■ Source information:
# # # #
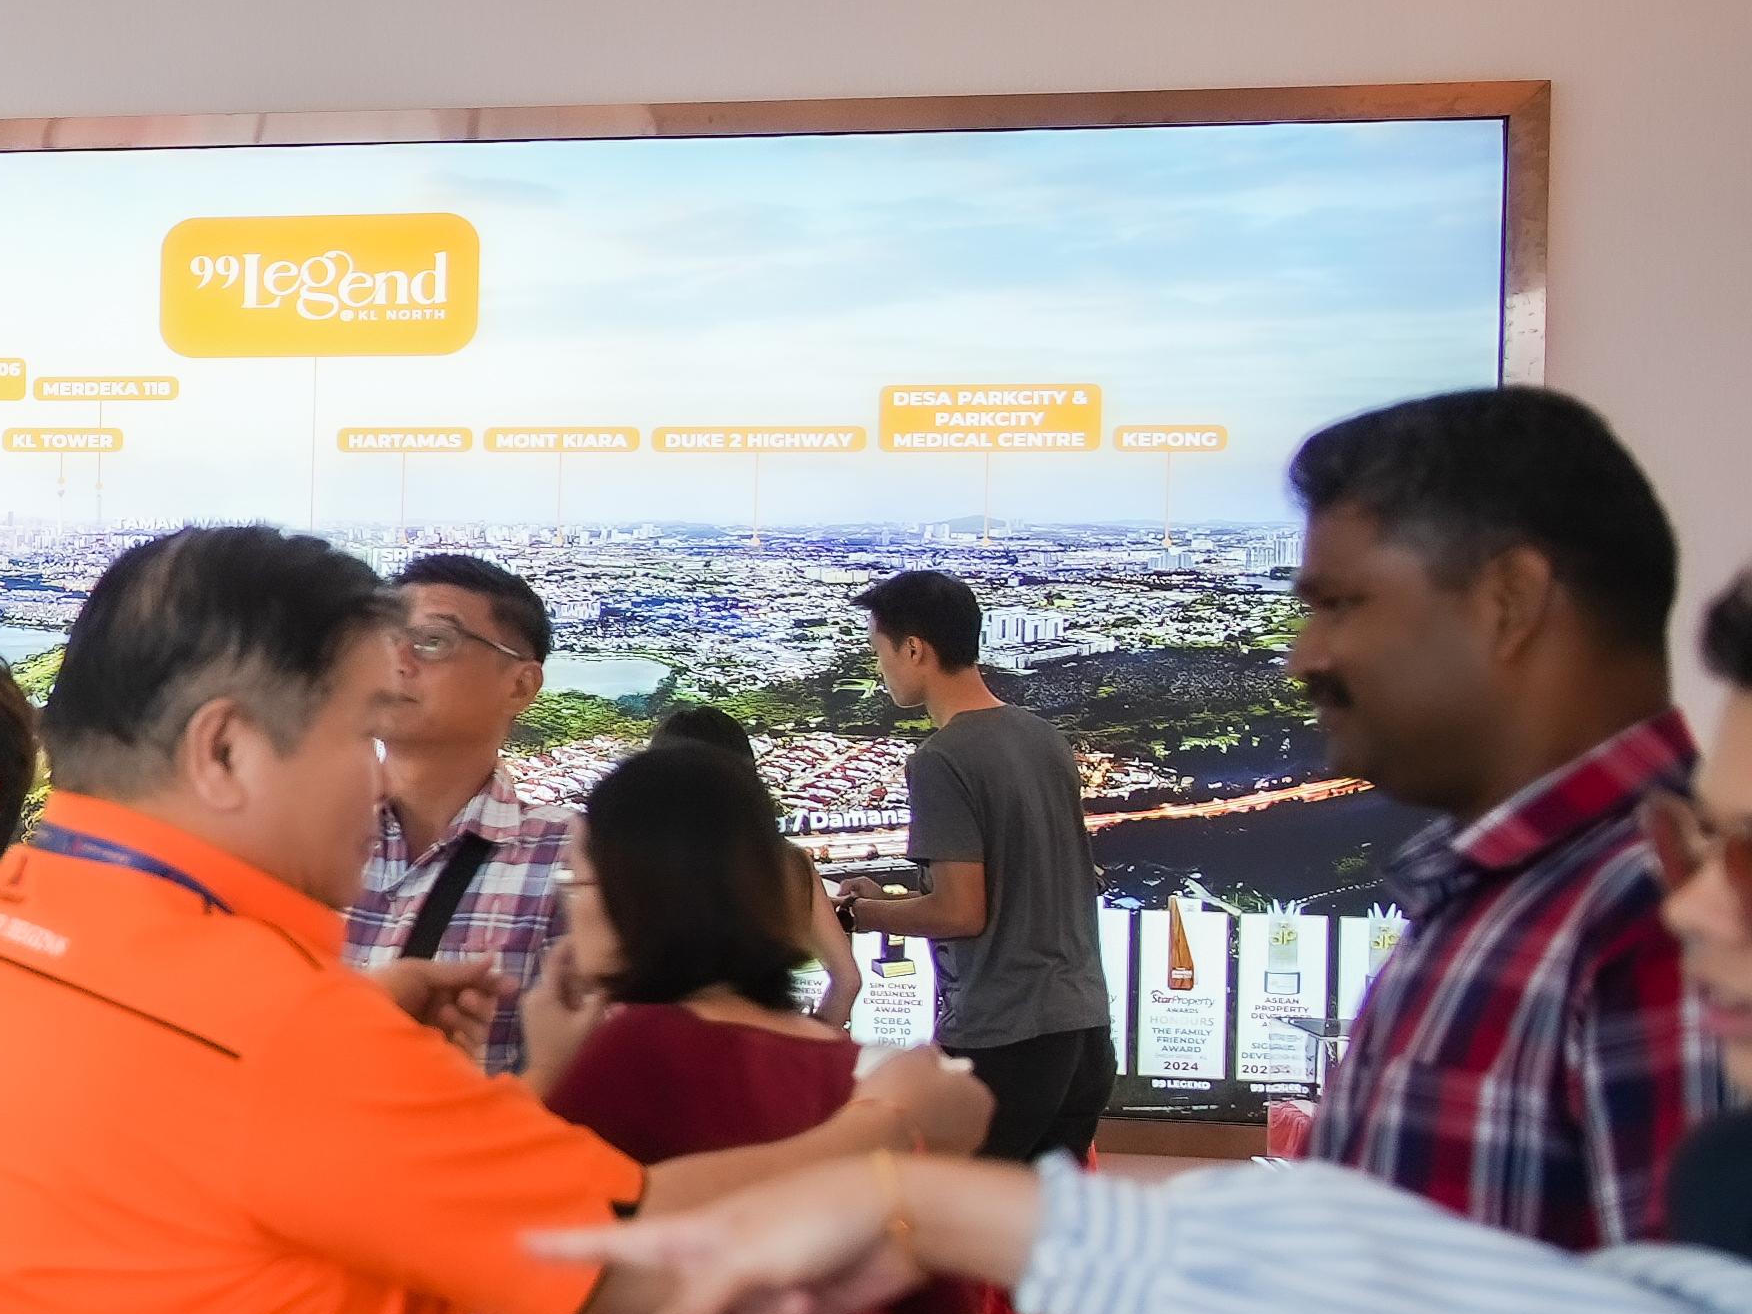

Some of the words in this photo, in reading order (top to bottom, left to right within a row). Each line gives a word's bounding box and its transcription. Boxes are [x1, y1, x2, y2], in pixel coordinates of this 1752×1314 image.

[385, 308, 445, 320] NORTH
[43, 382, 139, 396] MERDEKA
[142, 382, 171, 396] 118
[893, 392, 952, 406] DESA
[957, 390, 1067, 406] PARKCITY
[1072, 390, 1088, 405] &
[935, 412, 1045, 427] PARKCITY
[12, 433, 37, 448] KL
[39, 433, 114, 448] TOWER
[347, 433, 462, 448] HARTAMAS
[495, 433, 558, 448] MONT
[562, 433, 628, 448] KIARA
[665, 433, 724, 448] DUKE
[728, 433, 742, 448] 2
[747, 433, 853, 448] HIGHWAY
[893, 432, 993, 448] MEDICAL
[997, 432, 1085, 447] CENTRE
[1122, 432, 1217, 447] KEPONG
[113, 517, 184, 531] TAMAN
[863, 998, 923, 1006] EXCELLENCE
[1264, 997, 1300, 1005] ASEAN
[1254, 1005, 1310, 1014] PROPERTY
[873, 1017, 911, 1026] SCBEA
[1149, 1015, 1215, 1027] HONOURS
[873, 1027, 897, 1035] TOP
[900, 1027, 911, 1036] 10
[1151, 1027, 1172, 1035] THE
[1174, 1028, 1213, 1036] FAMILY
[1156, 1036, 1207, 1045] FRIENDLY
[1161, 1045, 1202, 1053] AWARD
[1163, 1061, 1199, 1071] 2024
# # # #
■ Work item: Leave out the images and write out the listing above exactly.

■ Solution for this problem:
Some of the words in this photo, in reading order (top to bottom, left to right within a row). Each line gives a word's bounding box and its transcription. Boxes are [x1, y1, x2, y2], in pixel coordinates of this 1752×1314 image.

[385, 308, 445, 320] NORTH
[43, 382, 139, 396] MERDEKA
[142, 382, 171, 396] 118
[893, 392, 952, 406] DESA
[957, 390, 1067, 406] PARKCITY
[1072, 390, 1088, 405] &
[935, 412, 1045, 427] PARKCITY
[12, 433, 37, 448] KL
[39, 433, 114, 448] TOWER
[347, 433, 462, 448] HARTAMAS
[495, 433, 558, 448] MONT
[562, 433, 628, 448] KIARA
[665, 433, 724, 448] DUKE
[728, 433, 742, 448] 2
[747, 433, 853, 448] HIGHWAY
[893, 432, 993, 448] MEDICAL
[997, 432, 1085, 447] CENTRE
[1122, 432, 1217, 447] KEPONG
[113, 517, 184, 531] TAMAN
[863, 998, 923, 1006] EXCELLENCE
[1264, 997, 1300, 1005] ASEAN
[1254, 1005, 1310, 1014] PROPERTY
[873, 1017, 911, 1026] SCBEA
[1149, 1015, 1215, 1027] HONOURS
[873, 1027, 897, 1035] TOP
[900, 1027, 911, 1036] 10
[1151, 1027, 1172, 1035] THE
[1174, 1028, 1213, 1036] FAMILY
[1156, 1036, 1207, 1045] FRIENDLY
[1161, 1045, 1202, 1053] AWARD
[1163, 1061, 1199, 1071] 2024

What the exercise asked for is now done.